There the artist becomes the first painter ever to paint Hindu Gods, which creates a dilemma for his as it creates a ciaos amongst the extremists of the cit. He then paints a picture of a beautiful lady called Sugandha (Nandana Sen) as a Goddess who in reality is a prostitute. This bold step of his, in turn triggers even more of an emotional rage amongst the masses. The extremist groups file a case against him, but he hardly even care. How Sugandha’s nude paintings are made public? What are the consequences of this and How Ravi Varma handles this situation forms the rest of the story.
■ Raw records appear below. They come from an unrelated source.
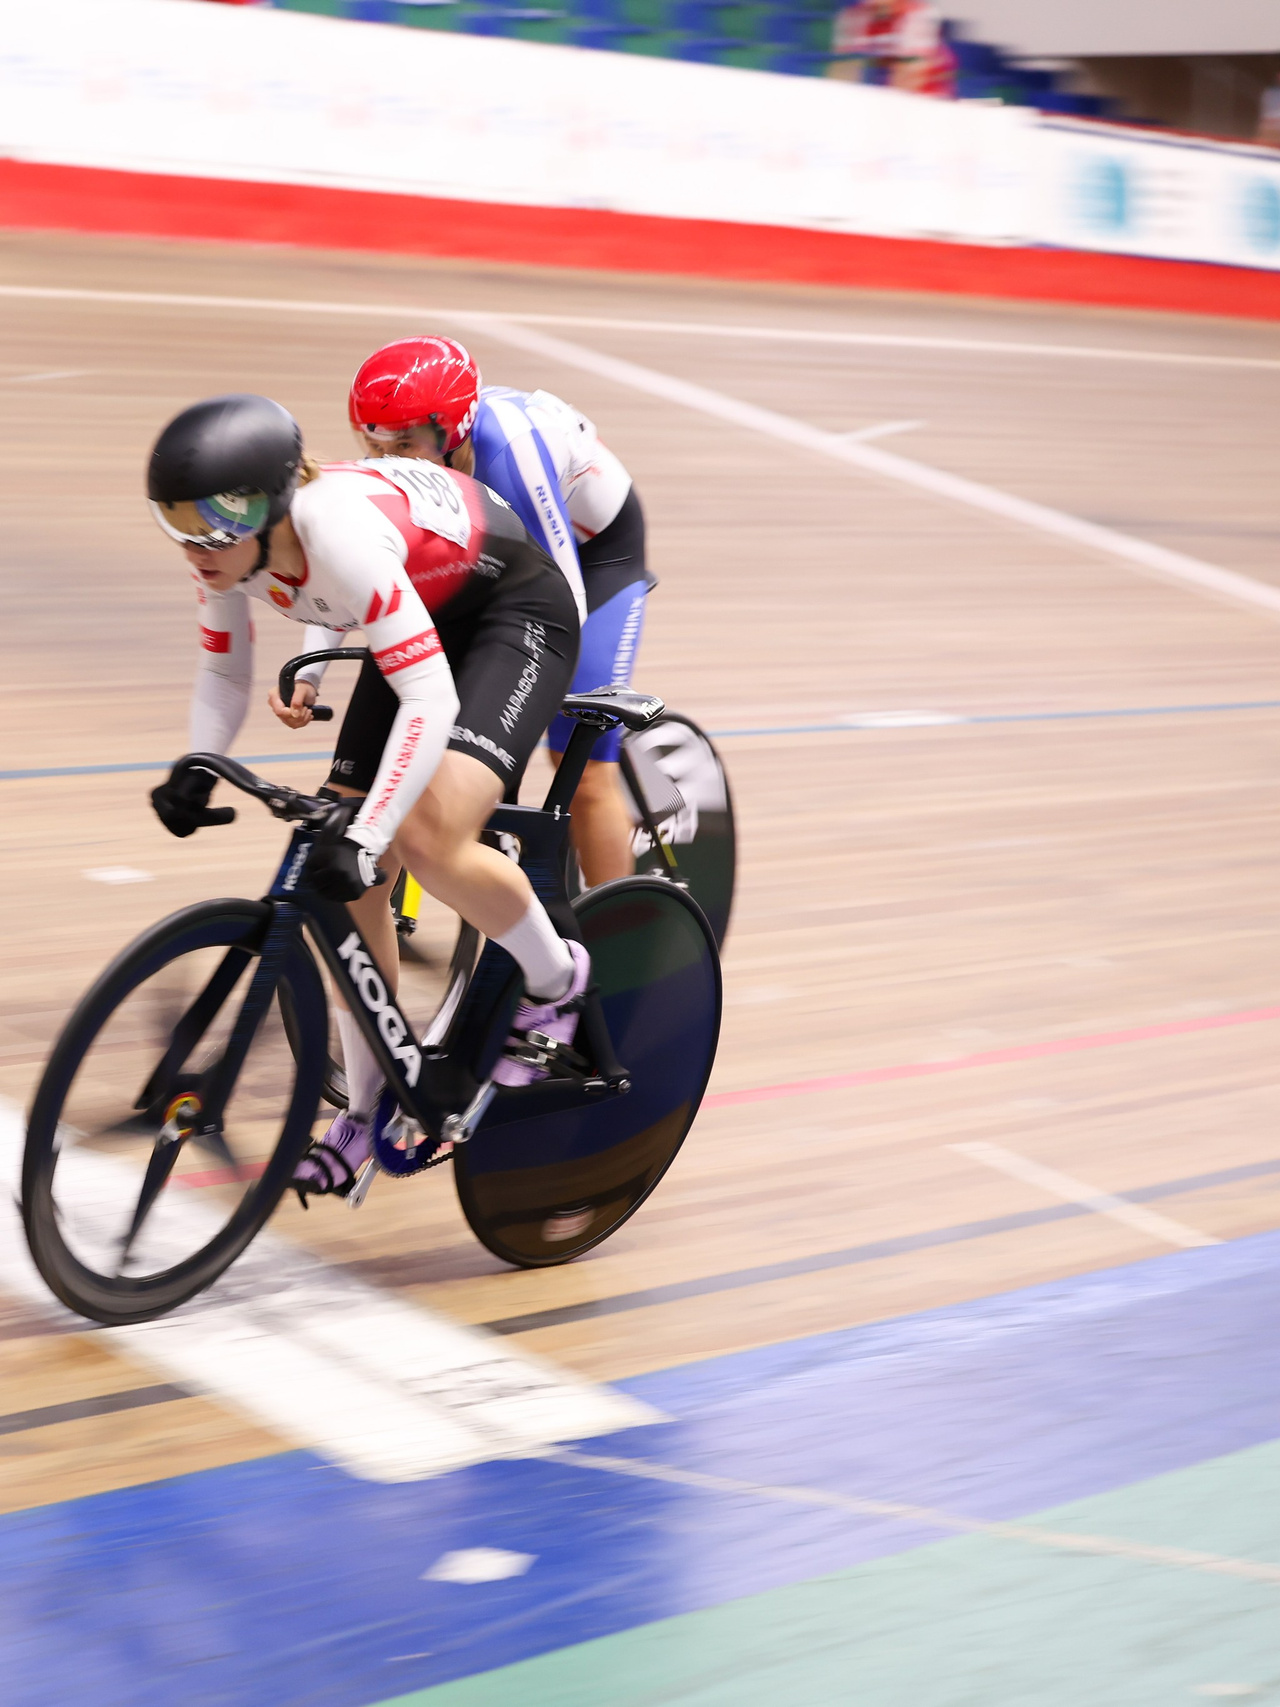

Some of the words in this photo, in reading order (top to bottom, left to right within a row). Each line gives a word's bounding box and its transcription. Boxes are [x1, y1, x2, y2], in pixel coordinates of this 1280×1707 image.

[457, 400, 479, 439] KA
[391, 469, 460, 514] 198
[536, 485, 566, 548] RUSSIA
[447, 725, 518, 772] EMME
[281, 842, 314, 891] KOGA
[336, 931, 423, 1089] KOGA
The plot and story of the movie is unique and entirely out of the box, which will certainly catch everybody’s eyes. Also Ketan Mehta’s bold attempt to bring an artist to life is appreciated. The movie also manages to relive the olden traditions and customs and the real incidents which had occurred in those days.
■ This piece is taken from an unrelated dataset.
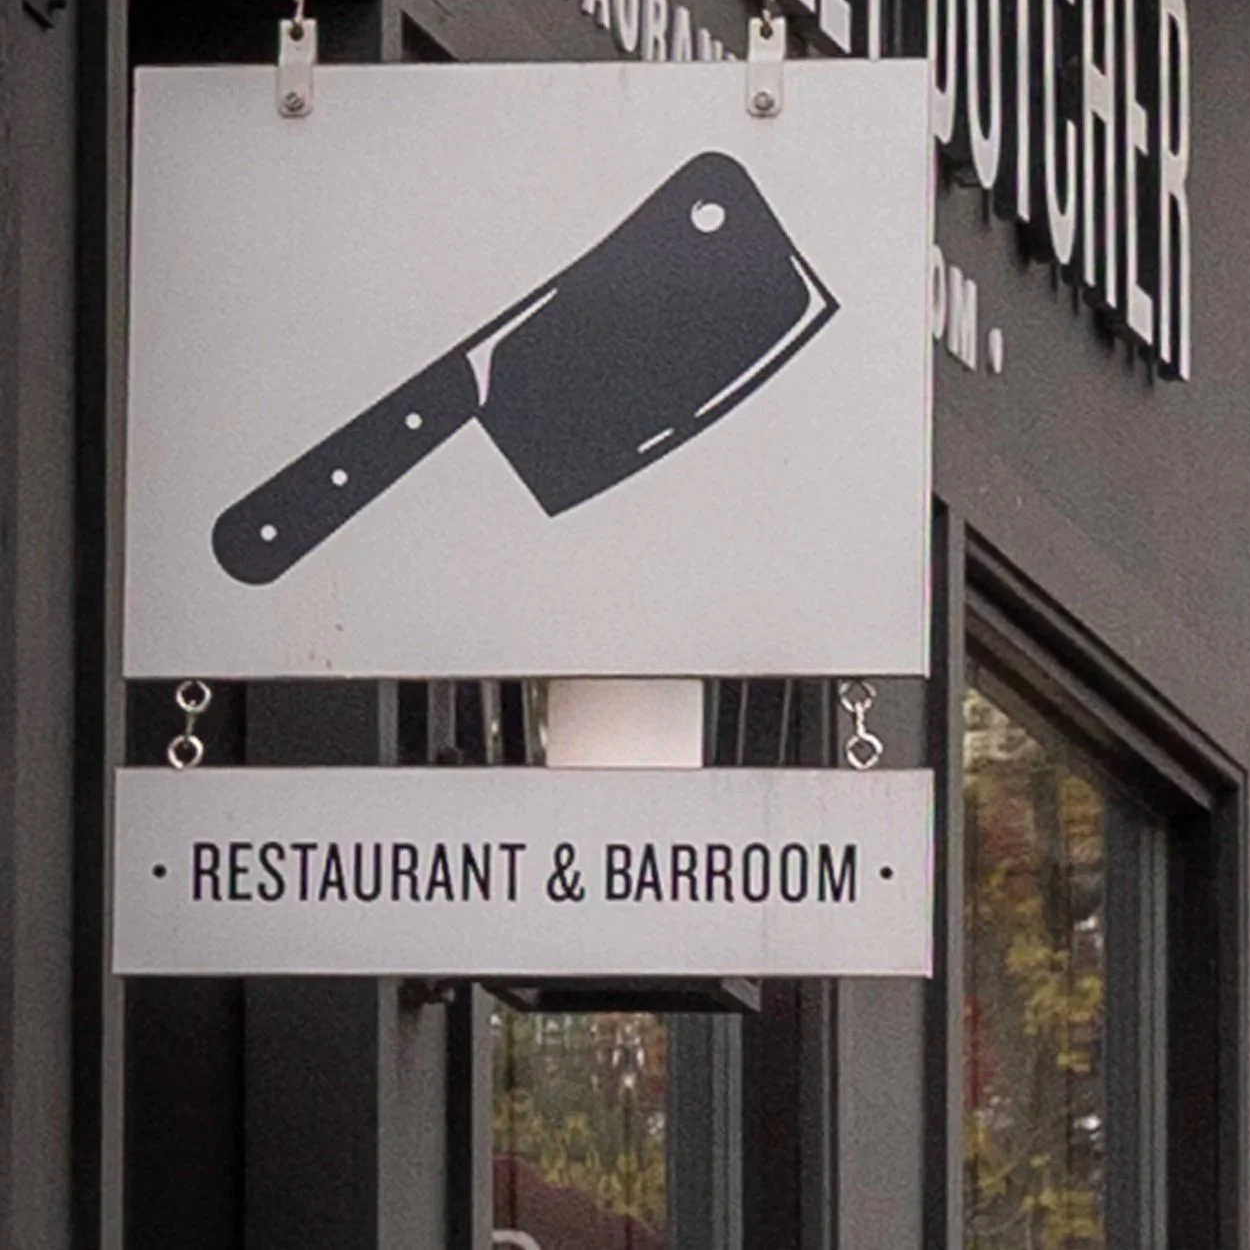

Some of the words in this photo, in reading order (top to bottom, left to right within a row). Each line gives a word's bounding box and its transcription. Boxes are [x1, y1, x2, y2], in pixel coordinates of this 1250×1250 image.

Speaking of performances, as usual, Randeep Hooda’s act in the film is awe-inspiring. The actor deserves a applause for his bold and impressive act. The actor also maintains the consistency of his natural performance throughout the film. Actress Nandana Sen too is quite amazing, baring all those haunting eyes. She has taken a brave step and has evolved outrageously in the climax. Rest of the cast including Paresh Rawal and Vikram Gokhale are outstanding in their acts. Fereyna Wazheir and Darshan Zariwala both are pretty good.
The only negative aspect of the film is Ketan and Sanjeev Dutta’s writing, which remains a few inches below the satisfaction level. Screenplay and the dialogues by Sanjeev Dutta and Ketan Mehta also lack foundation. Even though, the movie is a piece of art, the fact that the film displays such boldness, won’t be able to connect well with the masses.
While the production value is of high quality, the locations of the cities of Kerala and Mumbai are very exotic. The backdrop of the movie maintains the orthodox culture of the ancient India. The background score is commendable and the music of the film delivers very melodious tune throughout the movie.
Cinematography by Christo Bakalov and Rali Raltschev’s camera work is pleasingly and excellent, displaying the true essence of artistic India. The editors Pratik Chitalia and Yves Beloniak also do not leave any room for error.